▸ **Input data**:
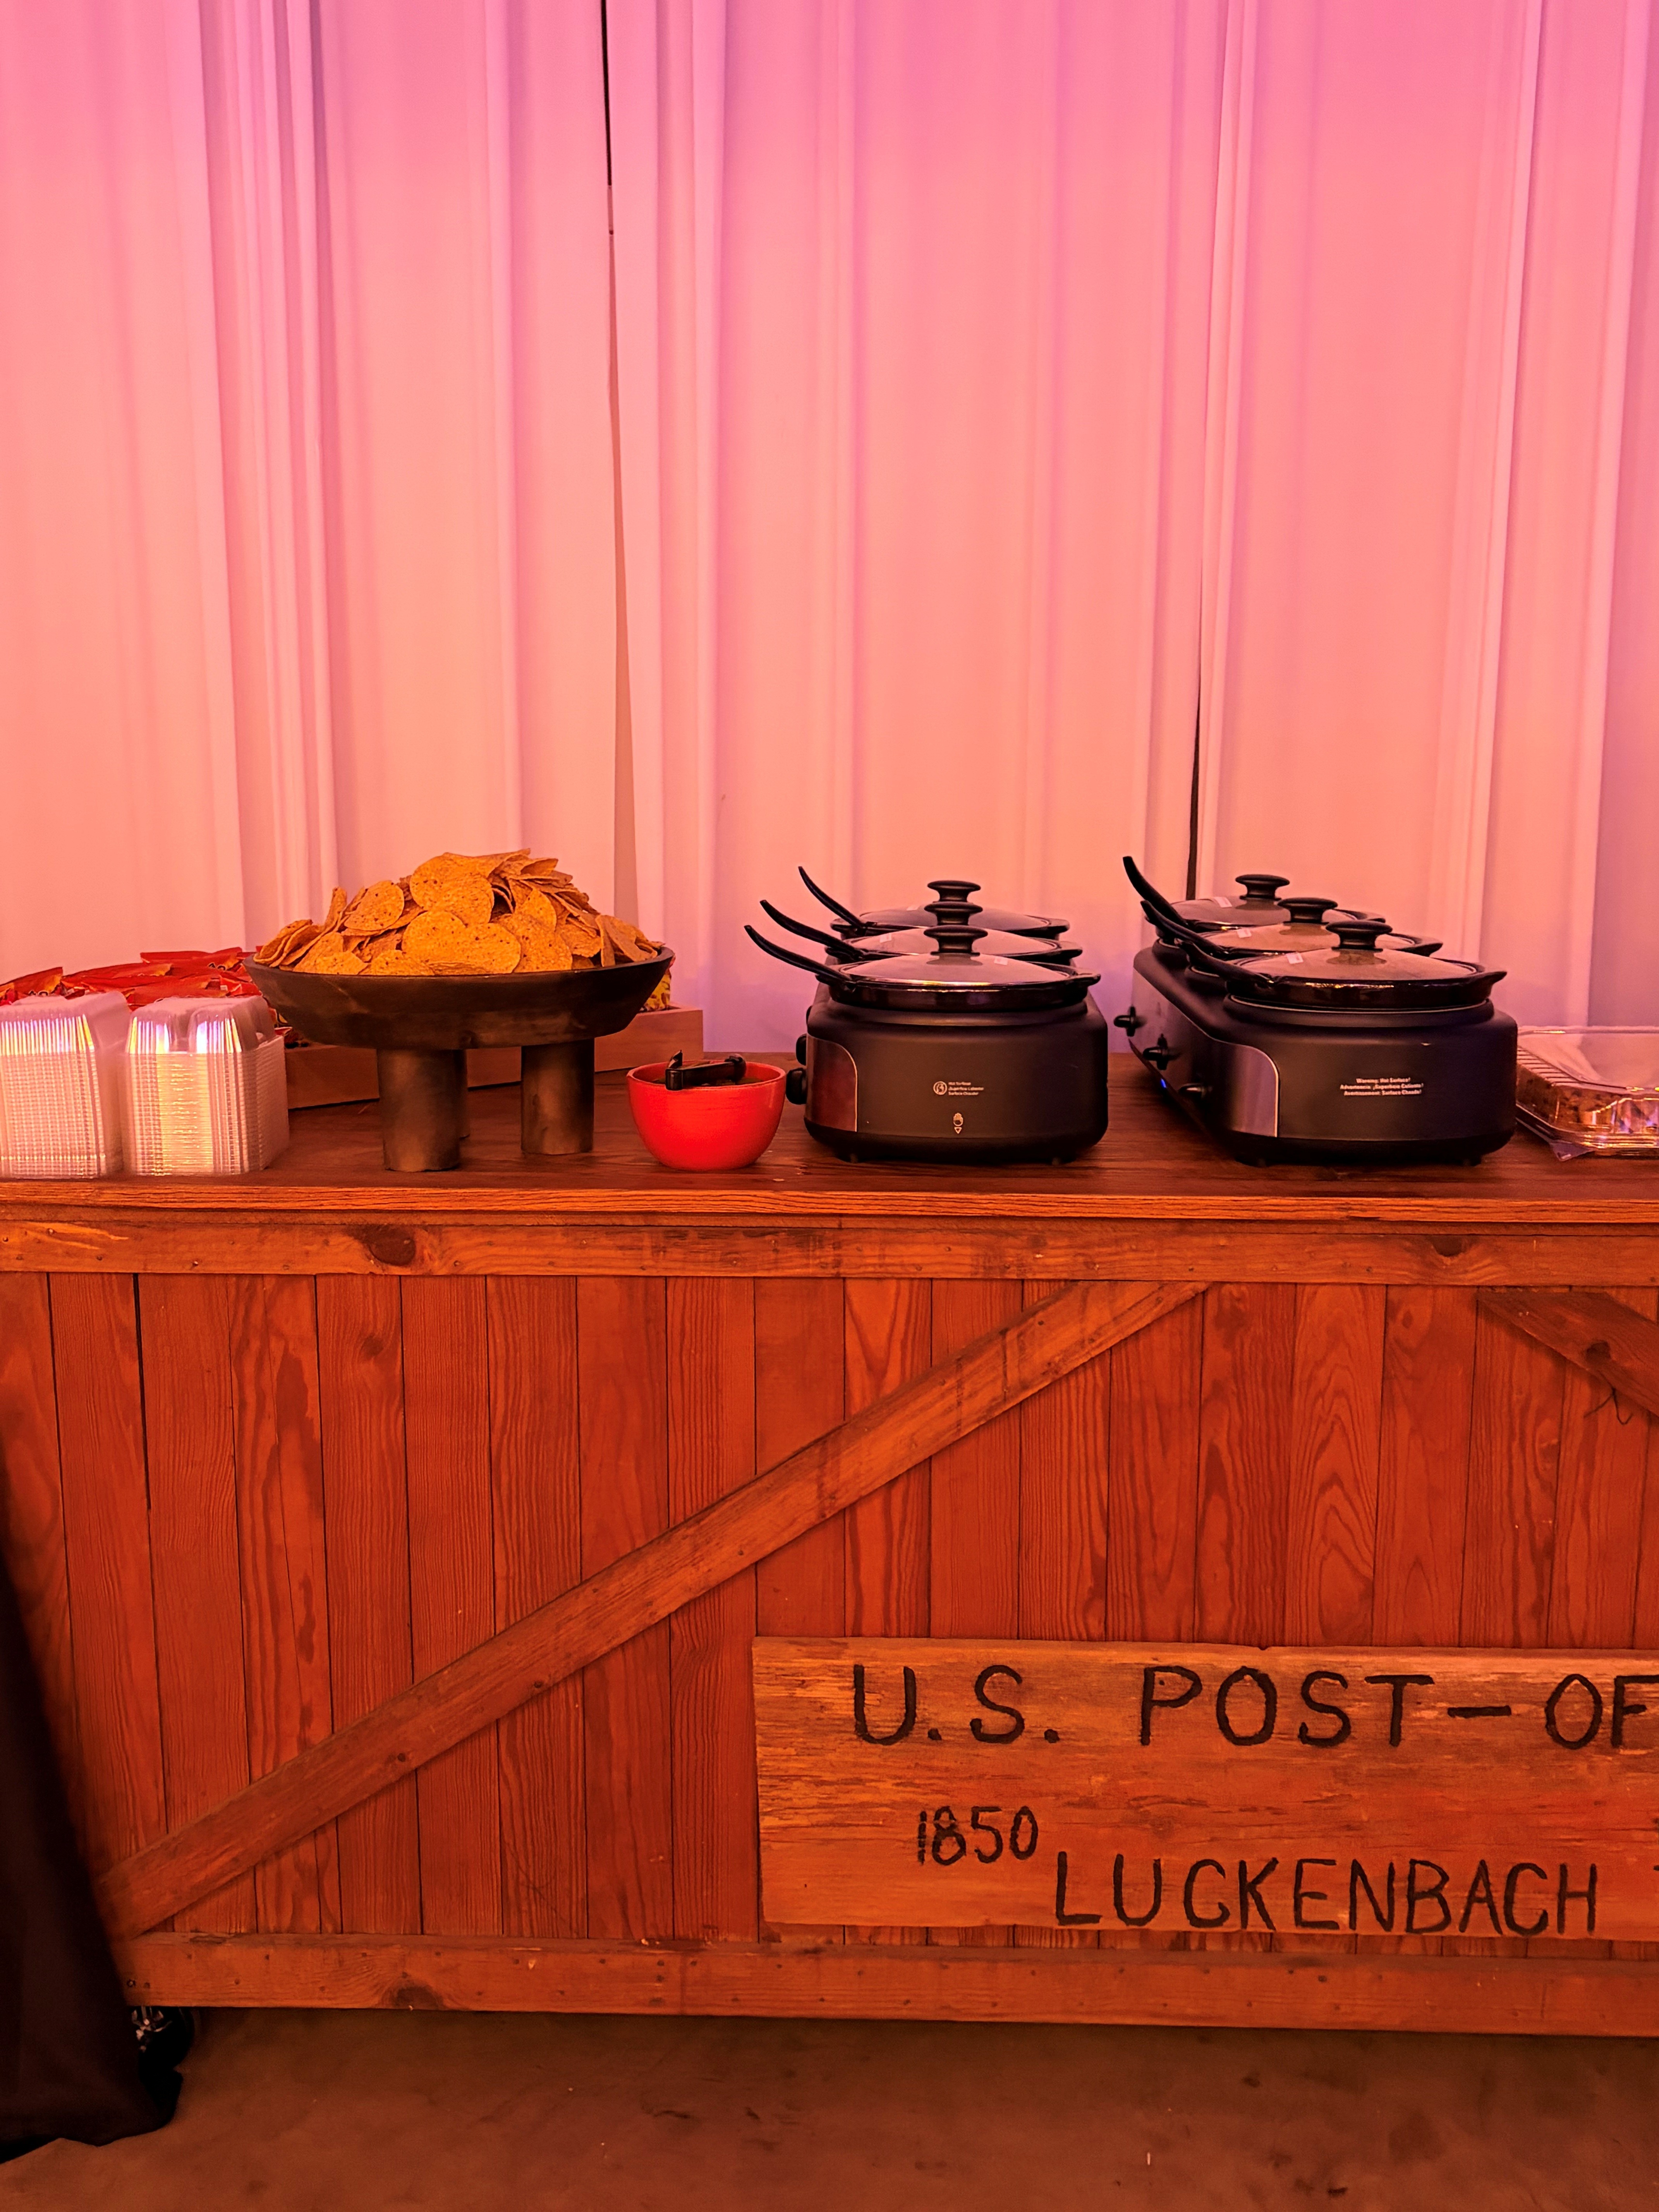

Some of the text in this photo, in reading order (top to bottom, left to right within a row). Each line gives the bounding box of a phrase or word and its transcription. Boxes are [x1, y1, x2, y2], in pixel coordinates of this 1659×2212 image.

[853, 1664, 1061, 1746] U.S.
[916, 1805, 1039, 1866] 1850
[1055, 1851, 1597, 1936] LUCKENBACH
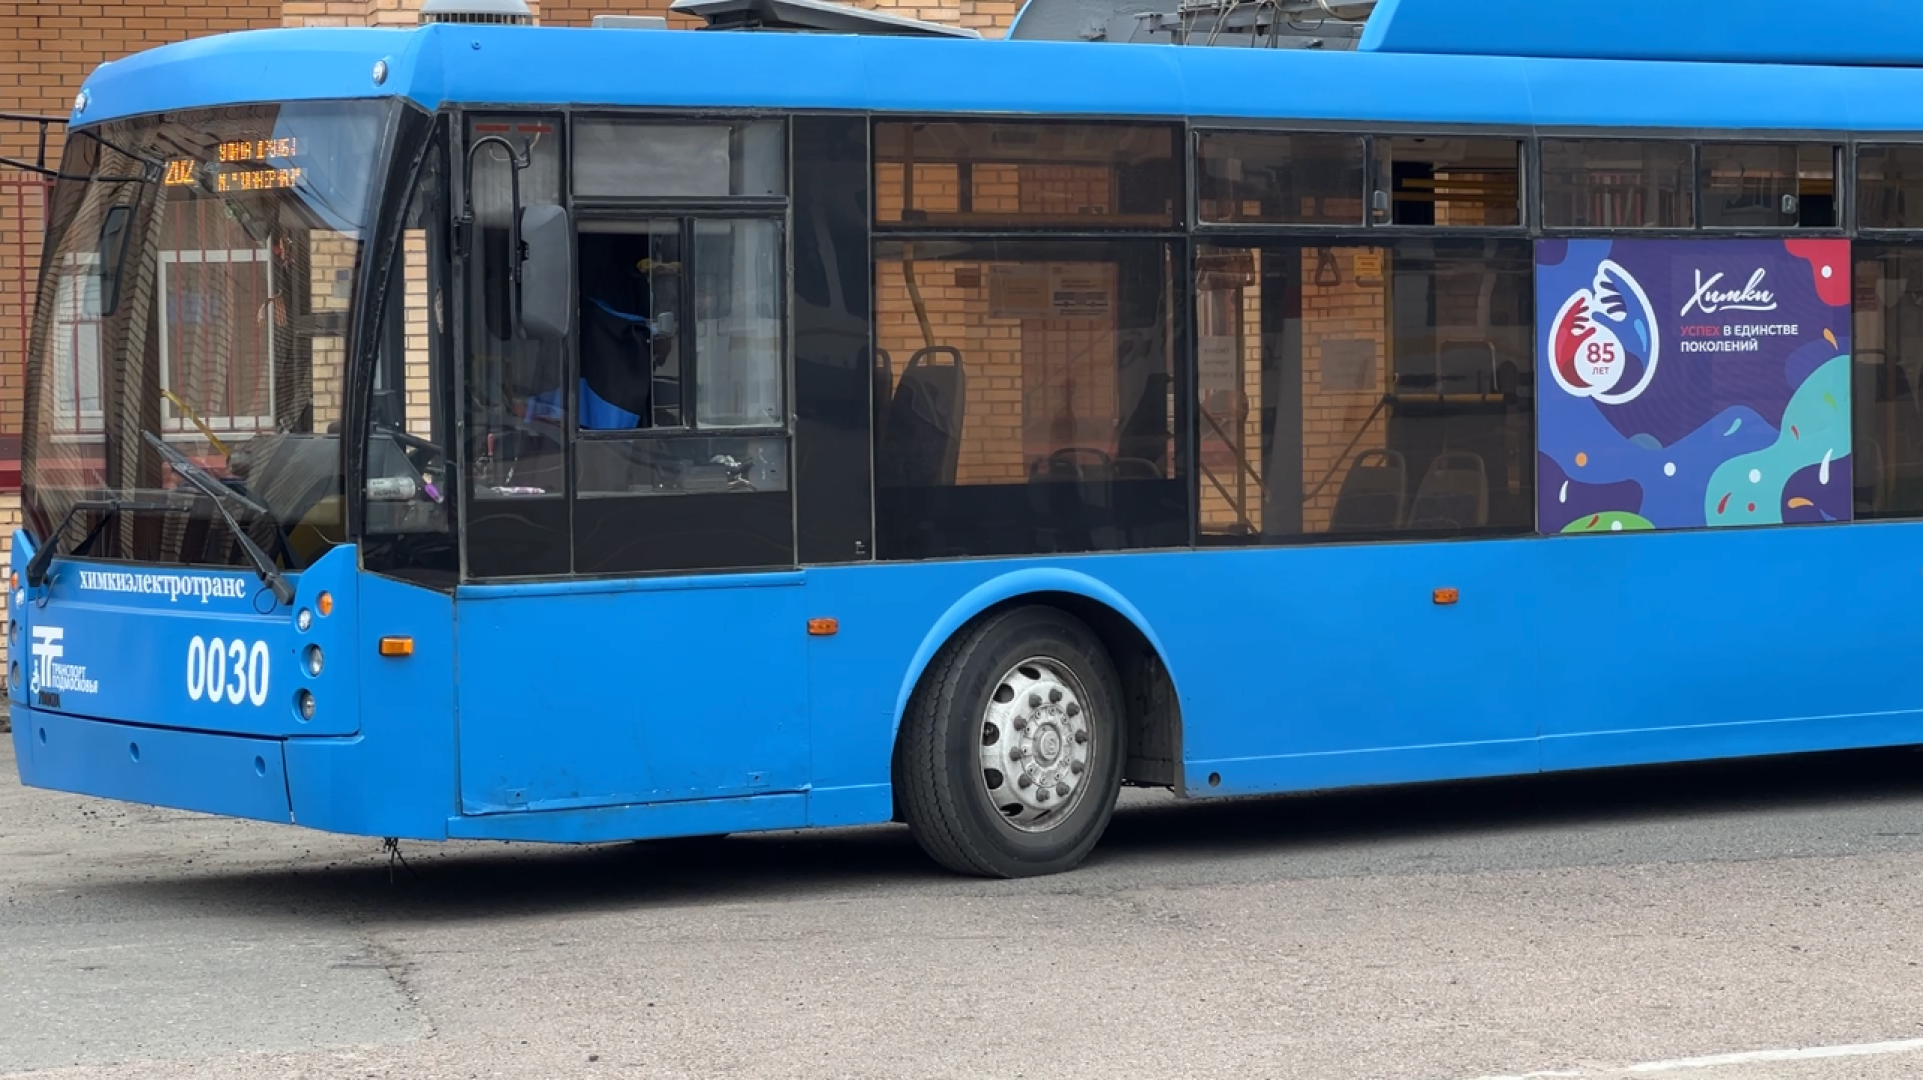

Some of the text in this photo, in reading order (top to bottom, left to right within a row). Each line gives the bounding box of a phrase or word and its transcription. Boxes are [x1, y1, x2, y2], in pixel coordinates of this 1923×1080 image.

[165, 160, 195, 184] 202
[1680, 267, 1777, 316] Химки
[1681, 324, 1799, 337] УСПЕХ В ЕДИНСТВЕ
[1587, 342, 1615, 363] 85
[1681, 338, 1759, 352] ПОКОЛЕНИЙ
[1592, 366, 1610, 375] ЛЕТ
[79, 570, 246, 603] химкиэлектротранс
[52, 662, 86, 679] ТРАНСПОРТ
[186, 635, 270, 706] 0030

▸ **The task**: Pictures stay out, but everything else in the records must be output exactly.

▸ **Expected output**:
Some of the text in this photo, in reading order (top to bottom, left to right within a row). Each line gives the bounding box of a phrase or word and its transcription. Boxes are [x1, y1, x2, y2], in pixel coordinates of this 1659×2212 image.

[853, 1664, 1061, 1746] U.S.
[916, 1805, 1039, 1866] 1850
[1055, 1851, 1597, 1936] LUCKENBACH

Some of the text in this photo, in reading order (top to bottom, left to right within a row). Each line gives the bounding box of a phrase or word and its transcription. Boxes are [x1, y1, x2, y2], in pixel coordinates of this 1923×1080 image.

[165, 160, 195, 184] 202
[1680, 267, 1777, 316] Химки
[1681, 324, 1799, 337] УСПЕХ В ЕДИНСТВЕ
[1587, 342, 1615, 363] 85
[1681, 338, 1759, 352] ПОКОЛЕНИЙ
[1592, 366, 1610, 375] ЛЕТ
[79, 570, 246, 603] химкиэлектротранс
[52, 662, 86, 679] ТРАНСПОРТ
[186, 635, 270, 706] 0030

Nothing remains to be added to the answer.